The example shown in Figure 1 denies FTP traffic from subnet 192.168.11.0 that is going to subnet 192.168.10.0, but permits all other traffic. Note the use of wildcard masks and the explicit deny any statement. Remember that FTP uses TCP ports 20 and 21; therefore the ACL requires both port name keywords ftp and ftp-data or eq 20 and eq 21 to deny FTP.

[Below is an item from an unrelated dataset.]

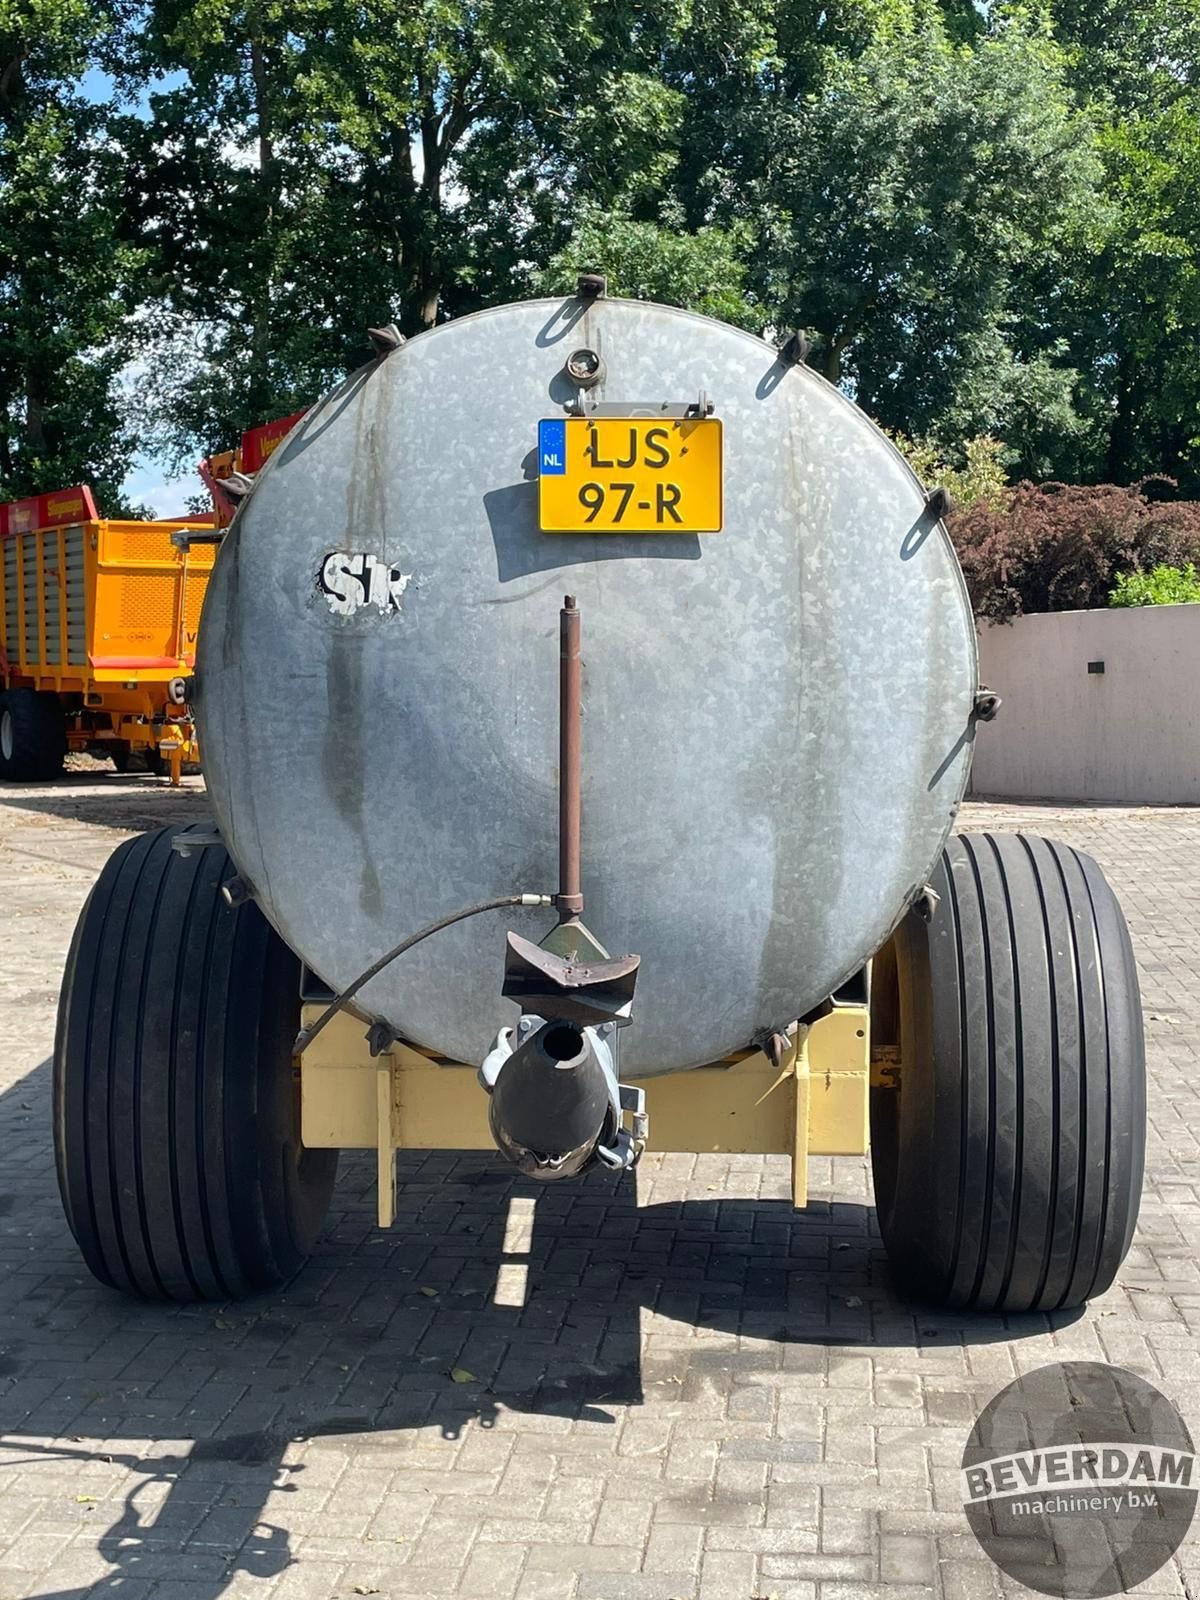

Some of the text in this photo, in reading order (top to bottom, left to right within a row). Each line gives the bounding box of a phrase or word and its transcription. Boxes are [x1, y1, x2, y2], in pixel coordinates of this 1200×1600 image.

[543, 453, 563, 467] NL
[590, 428, 670, 469] LJS
[578, 482, 683, 524] 97-R

If using port numbers instead of port names, the commands would be written as:

access-list 114 permit tcp 192.168.20.0 0.0.0.255 any eq 20

access-list 114 permit tcp 192.168.20.0 0.0.0.255 any eq 21

To prevent the implied deny any statement at the end of the ACL from blocking all traffic, the permit ip any any statement is added. Without at least one permit statement in an ACL, all traffic on the interface where that ACL was applied would be dropped. The ACL should be applied inbound on the G0/1 interface so that traffic from the 192.168.11.0/24 LAN is filtered as it enters the router interface.

The example shown in Figure 2, denies Telnet traffic from any source to the 192.168.11.0/24 LAN, but allows all other IP traffic. Because traffic destined for the 192.168.11.0/24 LAN is outbound on interface G0/1, the ACL would be applied to G0/1 using the out keyword. Note the use of the any keywords in the permit statement. This permit statement is added to ensure that no other traffic is blocked.

Note: The examples in Figures 1 and 2 both use the permit ip any any statement at the end of the ACL. For greater security the permit 192.168.11.0 0.0.0.255 any command may be used.